Play
- Industry: Telecommunications
- Founded: February 2007; 19 years ago
- Founder: Chris Bannister
- Headquarters: Poland
- Key people: Ken Campbell
- Products: Mobile Telephony Landline telephony Cable Television Broadband Internet
- Parent: Iliad SA
- Website: www.play.pl

= Play (telecommunications) =

Polish telecommunications provider

P4 sp. z o.o., known as Play (until January 2022, also as Play Communications SA, former parent company of P4 registered in Luxembourg), is a Polish telecommunications company. Play was founded as a mobile telephony operator in 2007 and has gradually increased its local market share in mobile, up to 27% as of 2017. In September 2020, Play became part of French Iliad. Before being sold, Iceland's Novator Partners, led by Icelandic businessman Thor Bjorgolfsson, acquired a large stake in the company. As of November 20, 2020, Iliad owns 96.66% of Play.

On August 31, 2023, UPC Poland merged with Play after Iliad acquired the company from Liberty Global to become a full-service telecommunications provider.

==Network==

As of 2021, Play is the second biggest cellular network in Poland with over 15.6 million customers behind only Orange Polska. PLAY uses EGSM 900 and GSM1800 for its 2G services, UMTS 2100 and UMTS 900 for 3G and LTE800, LTE1800, LTE2100 and LTE 2600 for LTE. Its MCC is 260–06. Thanks to domestic roaming with Polkomtel (Plus) and Era (T-Mobile.pl), Play is a nationwide cellular carrier.

===Native Network===
As of November 3, 2013, Play Mobile has 3288 EGSM 900 BTS, 4143 UMTS 2100 nodeB and 2175 UMTS 900 nodeB's. UMTS 900 and UMTS 2100 network Play calls the 4G network. Currently, 82% of population is covered with Play's native 4G network and 40% of the population with 2G network. 4G is available in more than 300 cities and towns around Poland. Play started building its 3G network at the beginning of its existence (2007) and announced that its goal is to cover all of Poland with UMTS while provide GSM services through roaming. Play began building its GSM network in March 2009 in apparent bid to reduce roaming costs. EGSM 900 BTS and UMTS 900 nodeB use the same licence frequency. In place when are EGSM 900 usually is not UMTS 900.
Play Mobile Broadband (Play Online) products did not use 2G network.

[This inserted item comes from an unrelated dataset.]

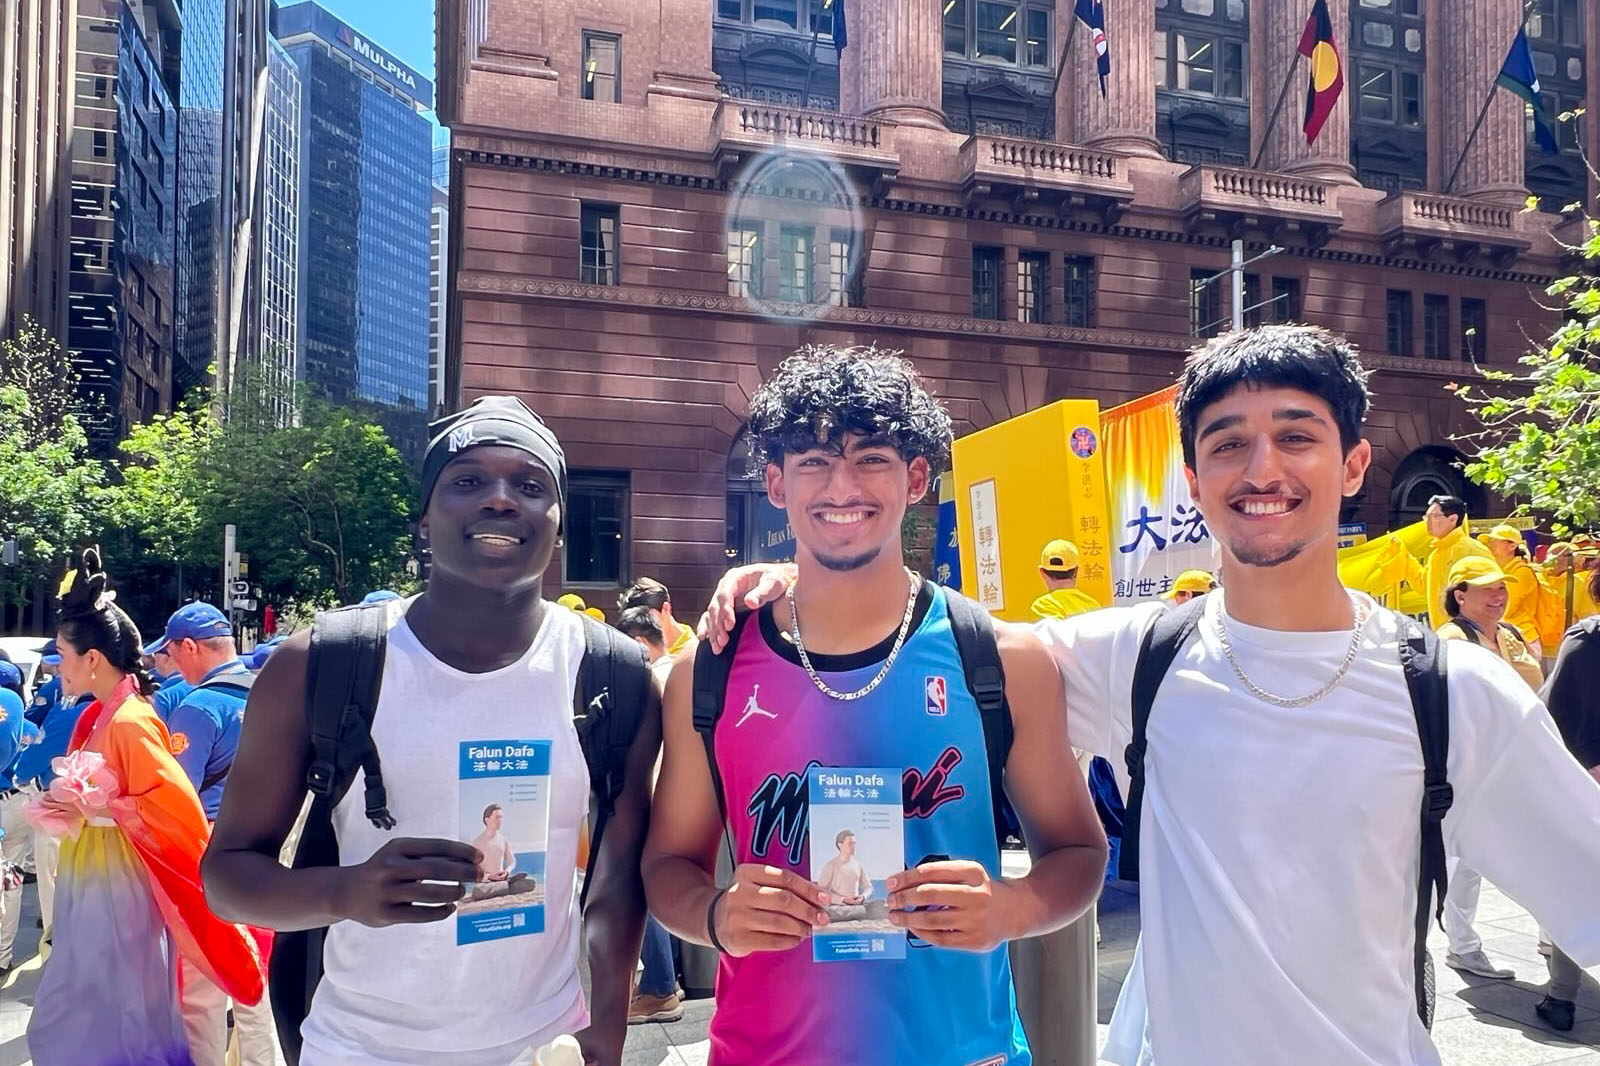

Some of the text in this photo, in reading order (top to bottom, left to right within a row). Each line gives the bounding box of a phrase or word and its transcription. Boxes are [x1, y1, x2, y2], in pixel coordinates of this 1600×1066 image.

[353, 36, 416, 89] MULPHA
[468, 745, 535, 759] Falun Dafa
[818, 774, 884, 786] Falun Dafa
[824, 788, 880, 798] 法輪大法

On February 13, 2013 the company won the tender for the frequency of 1800 MHz. On February 19, 2013, Play filed in the Office of Electronic Communications applications for booking three blocks from the frequency band 1800 MHz. The new frequency will be used probably for to build LTE network or shared network (LTE and DCS).

===Roaming===
On September 6, 2006 Play signed a domestic roaming agreement with Plus operator - Polkomtel. It allowed Play subscribers to access Plus' GSM network as well as UMTS network. Roaming was nationwide, free and unlimited. In addition, Play subscribers could manually pick Plus GSM network despite presence of Play's native network. In October 2018, Play started phasing this possibility out. In December, Play has announced they are withdrawing the contract with Polkomtel by 2019.

In July 2010, Play signed a domestic roaming agreement with Orange operator - Centertel. The initial agreement included a limited territorial coverage. In November 2011, Play and Orange signed an annex to the agreement, expanding the coverage of the whole Polish territory. However, Plus and Orange domestic network could not be used with Play's Mobile Broadband products. In 2021, Orange has announced a new contract with Play, extending domestic roaming until 2025.

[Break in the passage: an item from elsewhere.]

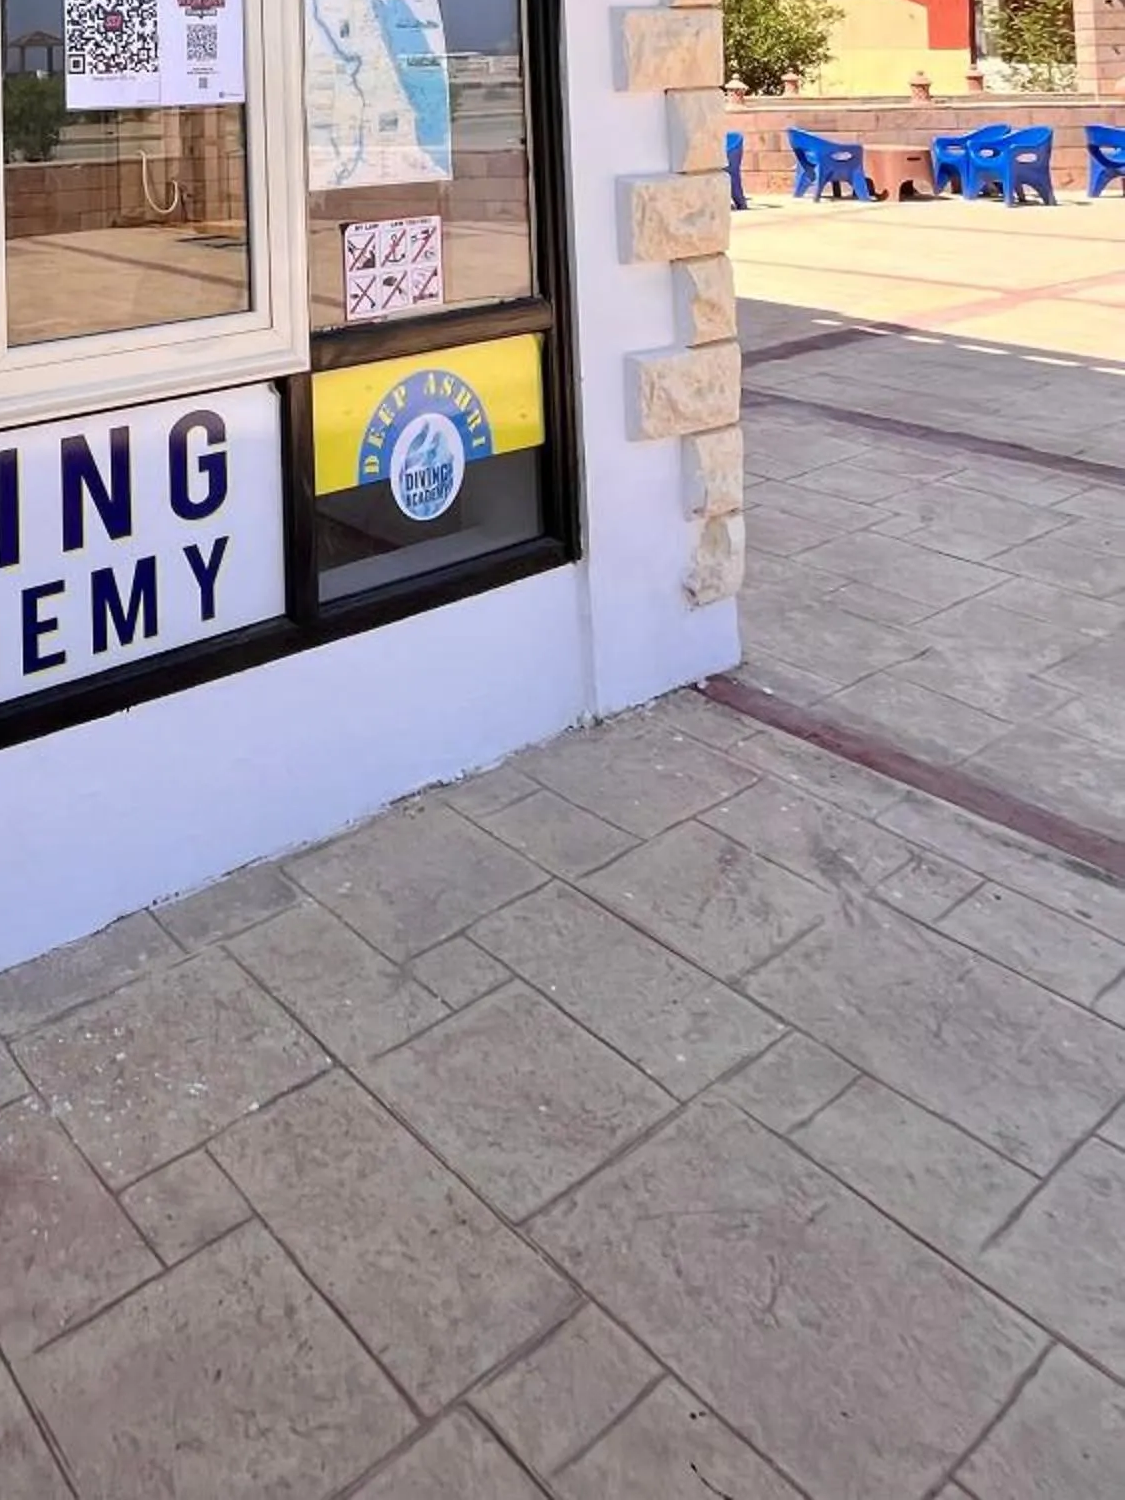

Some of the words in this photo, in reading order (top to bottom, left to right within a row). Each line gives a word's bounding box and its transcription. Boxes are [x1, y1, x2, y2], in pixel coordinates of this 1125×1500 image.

During the Mobile World Congress 2013 in Barcelona Play announced that the third domestic roaming partner will be T-Mobile operator - PTC. Agreement with T-Mobile has expired at the end of 2021.

In 2017, Play started requiring users to enable domestic roaming, with roaming with only one operator enabled at a time.

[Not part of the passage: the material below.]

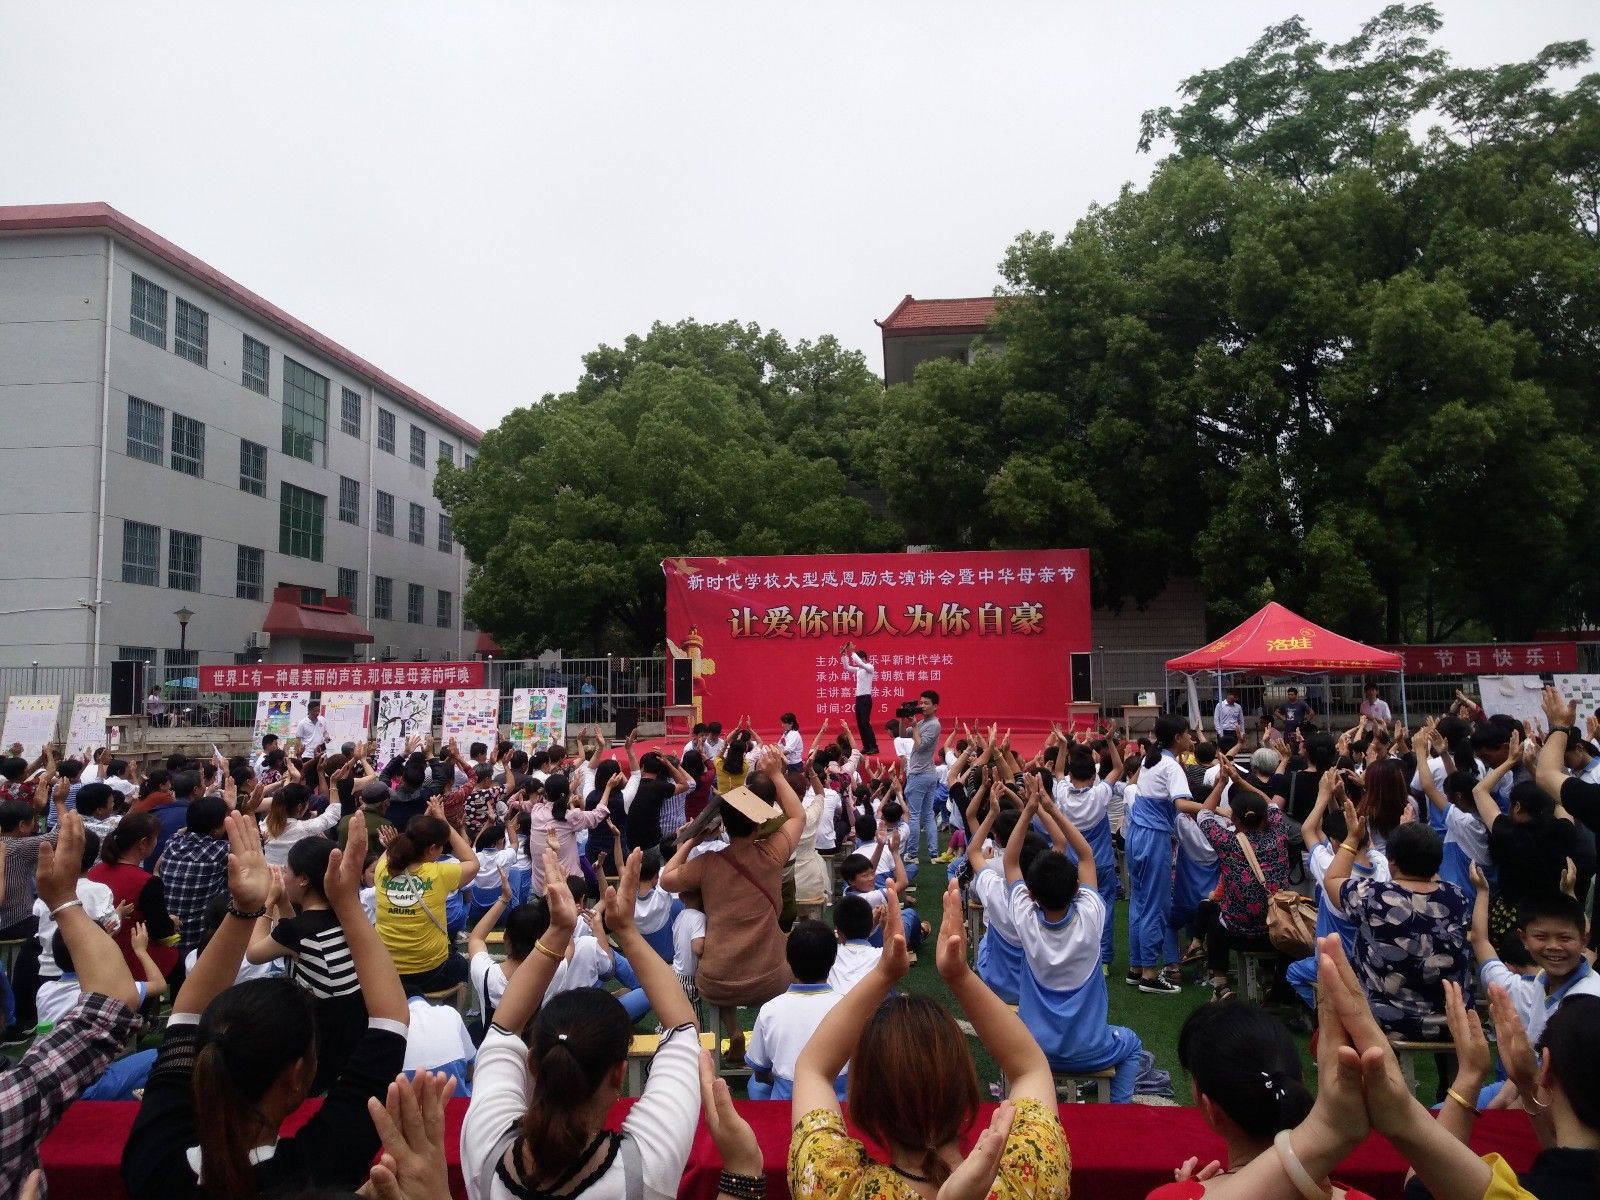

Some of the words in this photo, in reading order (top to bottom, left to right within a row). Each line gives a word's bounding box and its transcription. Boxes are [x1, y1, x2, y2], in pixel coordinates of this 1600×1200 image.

[687, 566, 1076, 591] 新时代学校大型感恩励志演讲会暨中华母亲节
[728, 601, 1044, 639] 让爱你的人为你自豪
[1265, 637, 1313, 652] 洛娃

Play also has agreements with most of the operators worldwide to provide international roaming around the globe for its postpaid and prepaid customers.

Virgin Mobile Poland is using the Play network (including Orange network, excluding Plus network).

== IPO ==
In July 2017 the company was offered to the public and listed on the Warsaw Stock Exchange, with plans to raise €1.03bn from its first IPO.